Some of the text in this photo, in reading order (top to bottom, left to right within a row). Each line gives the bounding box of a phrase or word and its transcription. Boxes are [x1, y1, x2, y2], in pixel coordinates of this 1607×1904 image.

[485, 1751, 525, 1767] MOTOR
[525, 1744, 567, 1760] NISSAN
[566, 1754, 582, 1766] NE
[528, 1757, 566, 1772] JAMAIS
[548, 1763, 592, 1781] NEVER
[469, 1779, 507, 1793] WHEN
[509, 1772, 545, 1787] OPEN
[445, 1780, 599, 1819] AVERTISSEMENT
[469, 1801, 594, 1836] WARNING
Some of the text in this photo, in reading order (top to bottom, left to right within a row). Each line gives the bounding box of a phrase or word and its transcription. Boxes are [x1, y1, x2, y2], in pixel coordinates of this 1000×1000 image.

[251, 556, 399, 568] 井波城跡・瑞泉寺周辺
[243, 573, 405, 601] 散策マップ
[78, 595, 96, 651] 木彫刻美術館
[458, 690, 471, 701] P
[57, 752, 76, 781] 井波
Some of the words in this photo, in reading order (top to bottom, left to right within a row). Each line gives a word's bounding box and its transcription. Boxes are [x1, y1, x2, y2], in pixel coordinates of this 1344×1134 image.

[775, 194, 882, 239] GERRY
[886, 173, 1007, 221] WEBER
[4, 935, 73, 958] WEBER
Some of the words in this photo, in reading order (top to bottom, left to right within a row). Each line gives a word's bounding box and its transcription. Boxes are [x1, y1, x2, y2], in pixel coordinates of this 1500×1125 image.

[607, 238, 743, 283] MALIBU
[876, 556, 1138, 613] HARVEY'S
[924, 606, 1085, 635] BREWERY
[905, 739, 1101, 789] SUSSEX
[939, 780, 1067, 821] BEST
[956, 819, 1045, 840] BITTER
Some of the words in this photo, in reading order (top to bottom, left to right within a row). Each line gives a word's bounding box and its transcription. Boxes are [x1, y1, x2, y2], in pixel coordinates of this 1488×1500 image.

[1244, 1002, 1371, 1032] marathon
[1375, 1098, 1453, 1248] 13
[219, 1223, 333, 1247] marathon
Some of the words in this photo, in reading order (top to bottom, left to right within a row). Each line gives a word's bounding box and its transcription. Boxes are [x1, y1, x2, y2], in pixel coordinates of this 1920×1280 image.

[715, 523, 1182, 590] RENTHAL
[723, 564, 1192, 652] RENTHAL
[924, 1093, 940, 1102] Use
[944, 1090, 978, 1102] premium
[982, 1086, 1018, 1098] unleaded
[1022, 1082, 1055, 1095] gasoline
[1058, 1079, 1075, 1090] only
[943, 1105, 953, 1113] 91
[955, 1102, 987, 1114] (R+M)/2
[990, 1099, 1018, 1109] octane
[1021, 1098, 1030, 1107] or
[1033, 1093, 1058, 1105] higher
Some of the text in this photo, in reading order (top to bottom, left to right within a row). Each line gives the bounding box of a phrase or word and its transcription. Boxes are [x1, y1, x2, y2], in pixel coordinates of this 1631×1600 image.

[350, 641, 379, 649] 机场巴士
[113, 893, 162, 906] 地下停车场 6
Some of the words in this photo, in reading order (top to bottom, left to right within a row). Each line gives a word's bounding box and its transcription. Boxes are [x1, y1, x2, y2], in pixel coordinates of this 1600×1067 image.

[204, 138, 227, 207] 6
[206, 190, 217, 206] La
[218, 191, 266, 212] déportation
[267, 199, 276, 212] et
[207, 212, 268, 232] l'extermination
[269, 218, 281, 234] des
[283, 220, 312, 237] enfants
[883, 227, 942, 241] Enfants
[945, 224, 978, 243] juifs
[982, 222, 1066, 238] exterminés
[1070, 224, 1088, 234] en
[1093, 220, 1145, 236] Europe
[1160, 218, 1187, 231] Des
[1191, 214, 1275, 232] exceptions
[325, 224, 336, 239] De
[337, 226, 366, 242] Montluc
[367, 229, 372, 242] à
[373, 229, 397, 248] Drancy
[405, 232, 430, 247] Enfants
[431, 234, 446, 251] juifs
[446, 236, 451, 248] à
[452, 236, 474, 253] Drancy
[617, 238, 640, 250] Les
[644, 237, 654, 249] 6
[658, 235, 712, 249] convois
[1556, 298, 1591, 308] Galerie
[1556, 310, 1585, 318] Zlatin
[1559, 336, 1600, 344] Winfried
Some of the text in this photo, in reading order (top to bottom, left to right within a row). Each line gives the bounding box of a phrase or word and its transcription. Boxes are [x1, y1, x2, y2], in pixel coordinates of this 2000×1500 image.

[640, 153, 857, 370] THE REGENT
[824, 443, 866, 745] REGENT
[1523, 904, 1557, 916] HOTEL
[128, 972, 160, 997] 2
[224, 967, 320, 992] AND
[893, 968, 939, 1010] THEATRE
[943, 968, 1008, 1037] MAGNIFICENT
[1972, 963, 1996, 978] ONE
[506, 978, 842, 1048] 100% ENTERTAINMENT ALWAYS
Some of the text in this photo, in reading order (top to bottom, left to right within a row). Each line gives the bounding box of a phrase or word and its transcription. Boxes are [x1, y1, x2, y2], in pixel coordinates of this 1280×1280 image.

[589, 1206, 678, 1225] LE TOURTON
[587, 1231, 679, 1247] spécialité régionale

**TO DO**
The output should be exactly the lines from the one containing "this 1280×1280 image." to the final line of the listing above, inclusive.

**RESULT OF THE TASK**
Some of the text in this photo, in reading order (top to bottom, left to right within a row). Each line gives the bounding box of a phrase or word and its transcription. Boxes are [x1, y1, x2, y2], in pixel coordinates of this 1280×1280 image.

[589, 1206, 678, 1225] LE TOURTON
[587, 1231, 679, 1247] spécialité régionale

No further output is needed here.